RESEARCH ARTICLE | OPEN ACCESS DOI: 10.23937/2469-5858/1510066

Predicting Suicide Attempt Risk in Older Adults

David Sánchez-Teruel1* and María Auxiliadora Robles-Bello2

1Department of Psychology, Area of Personality, Assessment and Treatment, Faculty of Education Sciences, University of Córdoba (Spain)

2Department of Psychology, Area of Developmental Psychology and Education, Faculty of Humanities and Education Sciences, University of Jaén, Spain



Suicide attempts double death by suicide rates. To date it remains the only behavior that predicts more harmful future reattempts or deaths from suicide.

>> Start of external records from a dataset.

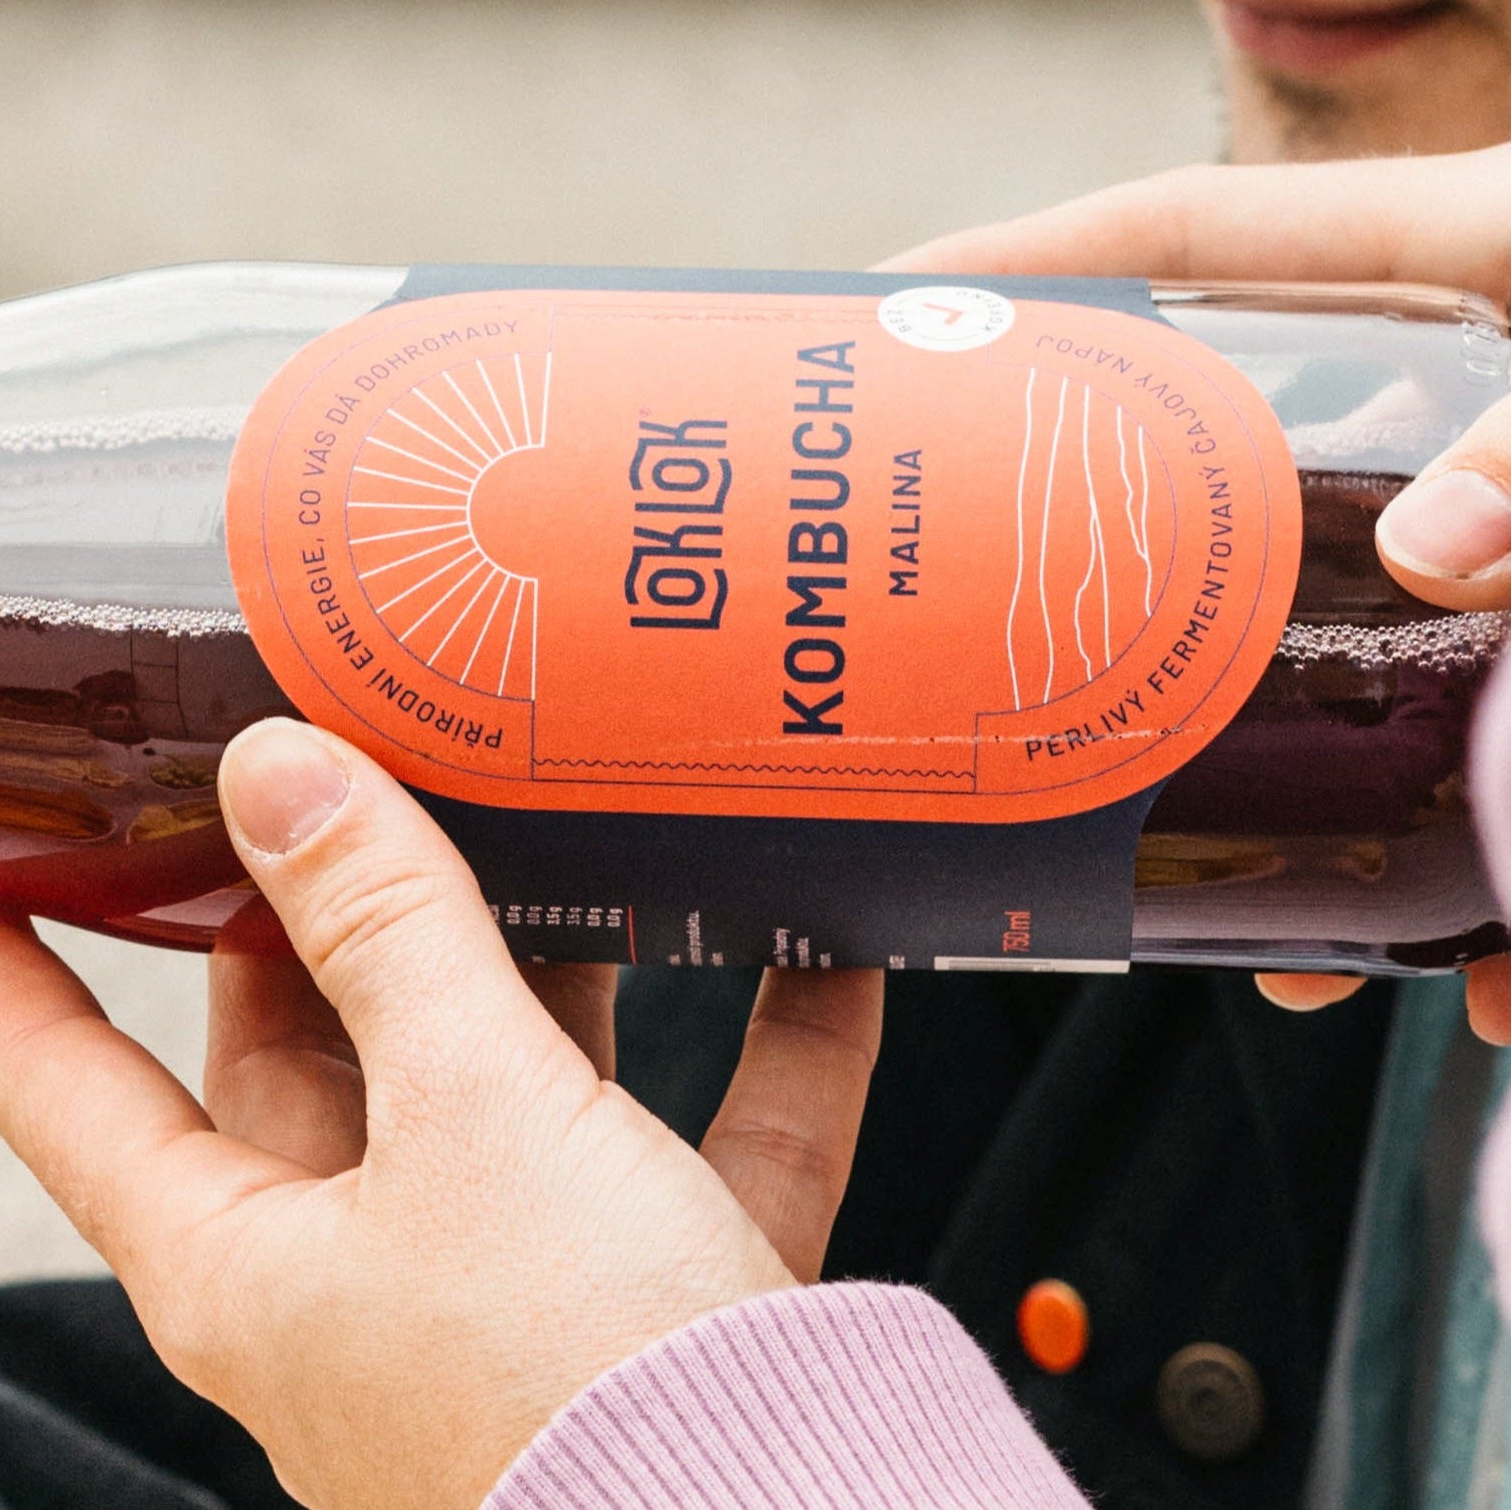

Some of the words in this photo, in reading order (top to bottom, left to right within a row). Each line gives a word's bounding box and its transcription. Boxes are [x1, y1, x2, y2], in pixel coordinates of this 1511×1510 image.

[354, 320, 518, 392] DOHROMADY
[1036, 335, 1134, 373] NÁPOJ
[325, 393, 361, 425] DÁ
[1134, 373, 1216, 454] ČAJOVÝ
[302, 430, 336, 477] VÁS
[298, 489, 322, 525] CO
[782, 340, 856, 735] KOMBUCHA
[888, 449, 922, 597] MALINA
[302, 538, 375, 670] ENERGIE,
[1146, 466, 1233, 694] FERMENTOVANÝ
[366, 668, 503, 748] PŘÍRODNÍ
[1026, 689, 1145, 761] PERLIVÝ
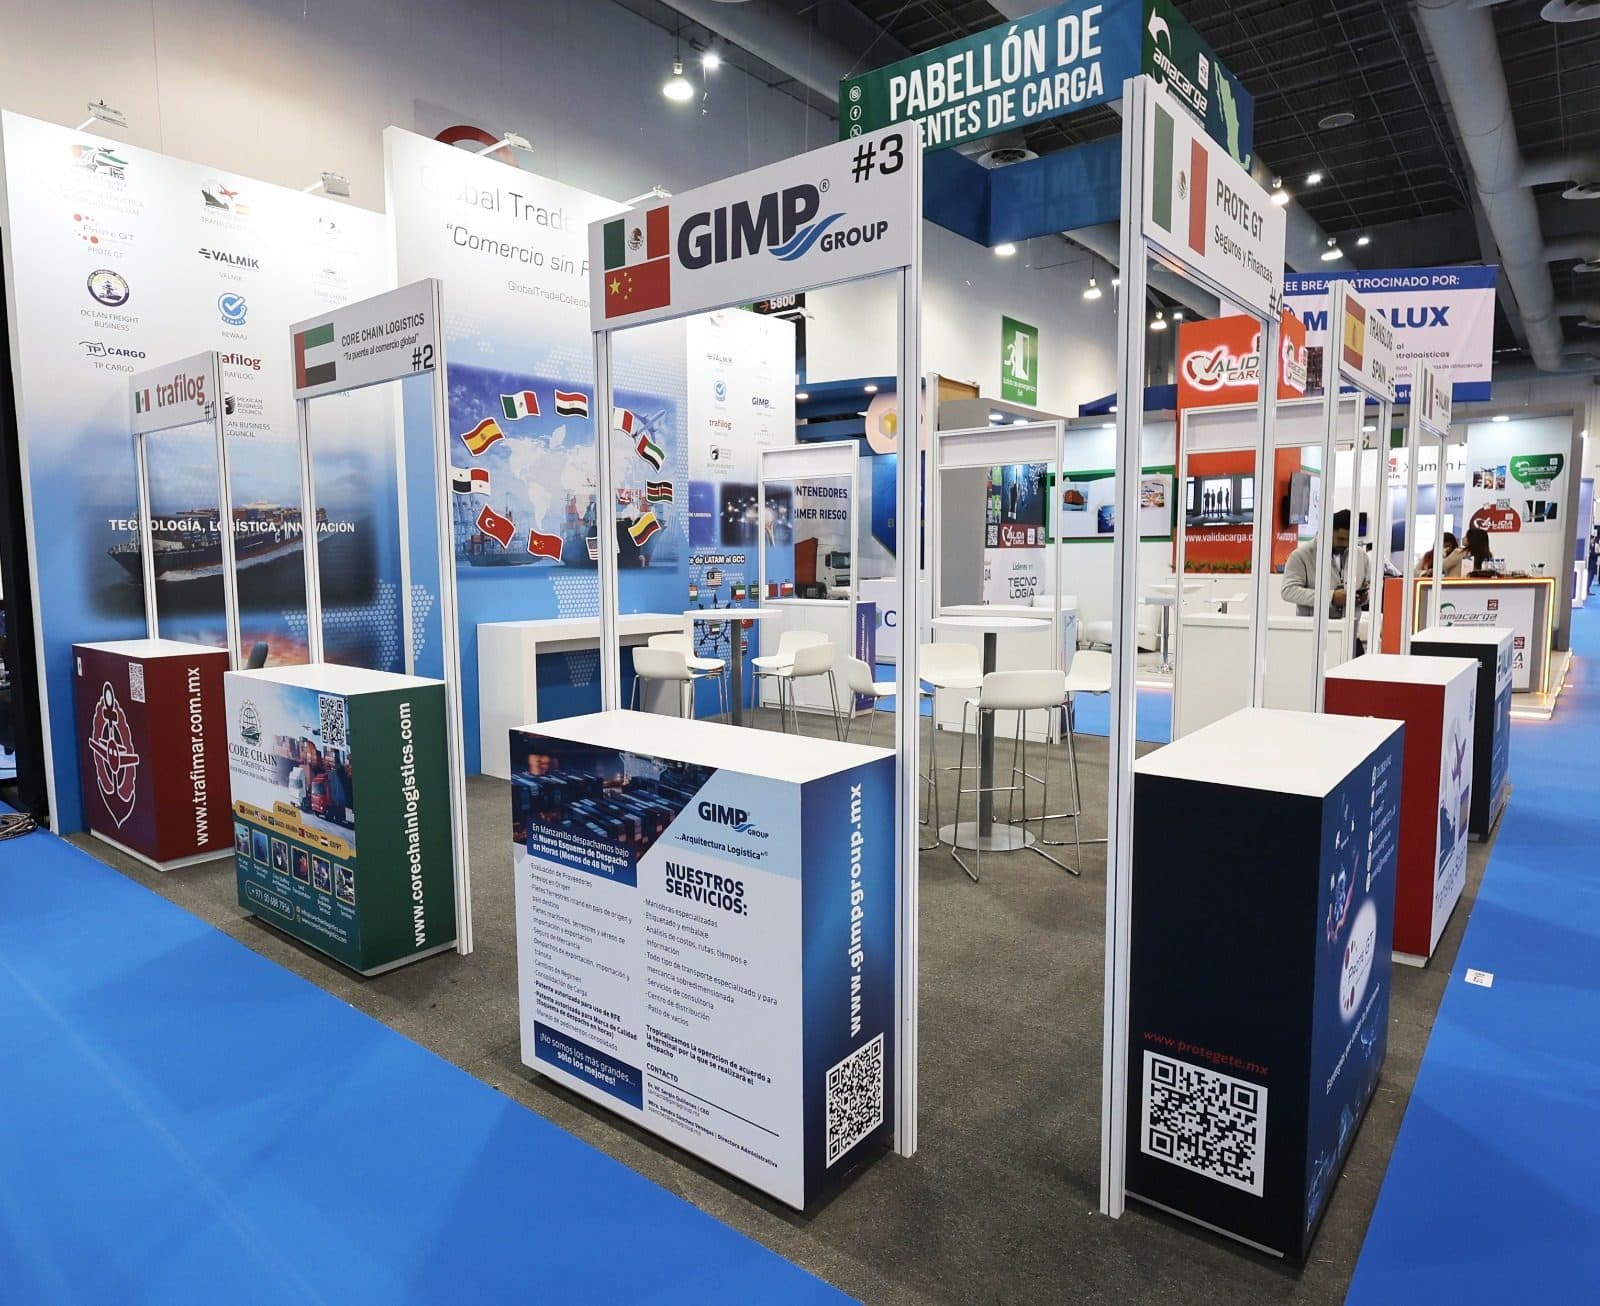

However, few studies have analyzed the sociodemographic and clinical profiles of older adults who have suffered self-inflicted injuries or attempted suicide.


To assess which sociodemographic and clinical variables are more predictive of a high-lethality or definitive future suicide reattempt in older adults who have suffered self-inflicted injuries or previous suicide attempts.


Digital data logged by emergency departments on people aged 50 and overadmitted for self-inflicted injuries or suicide attempt were collected.


The binary logistic regression analysis revealed the group of variables most predictive of suicide attempt as being female (OR = 2.70; 95% CI), aged between 61 and 90 years (OR = 6.99; 95% CI), widowed (OR = 3.12; 95% CI), with a pre-existing depressive condition (OR = 3.95; 95% CI) and physical pathologies (OR = 4.98; 95% CI), resorting to single methods (OR = 4.72; 95% CI), and usually discharged from emergency departments (OR = 6.89; 95% CI).


There is an urgent need for specific healthcare protocols designed to prevent suicide attempts, adapted to the psychosocial characteristics of this age group. Improvements to social and healthcare warning actions for older adults exhibiting suicide risk profiles also need to be made.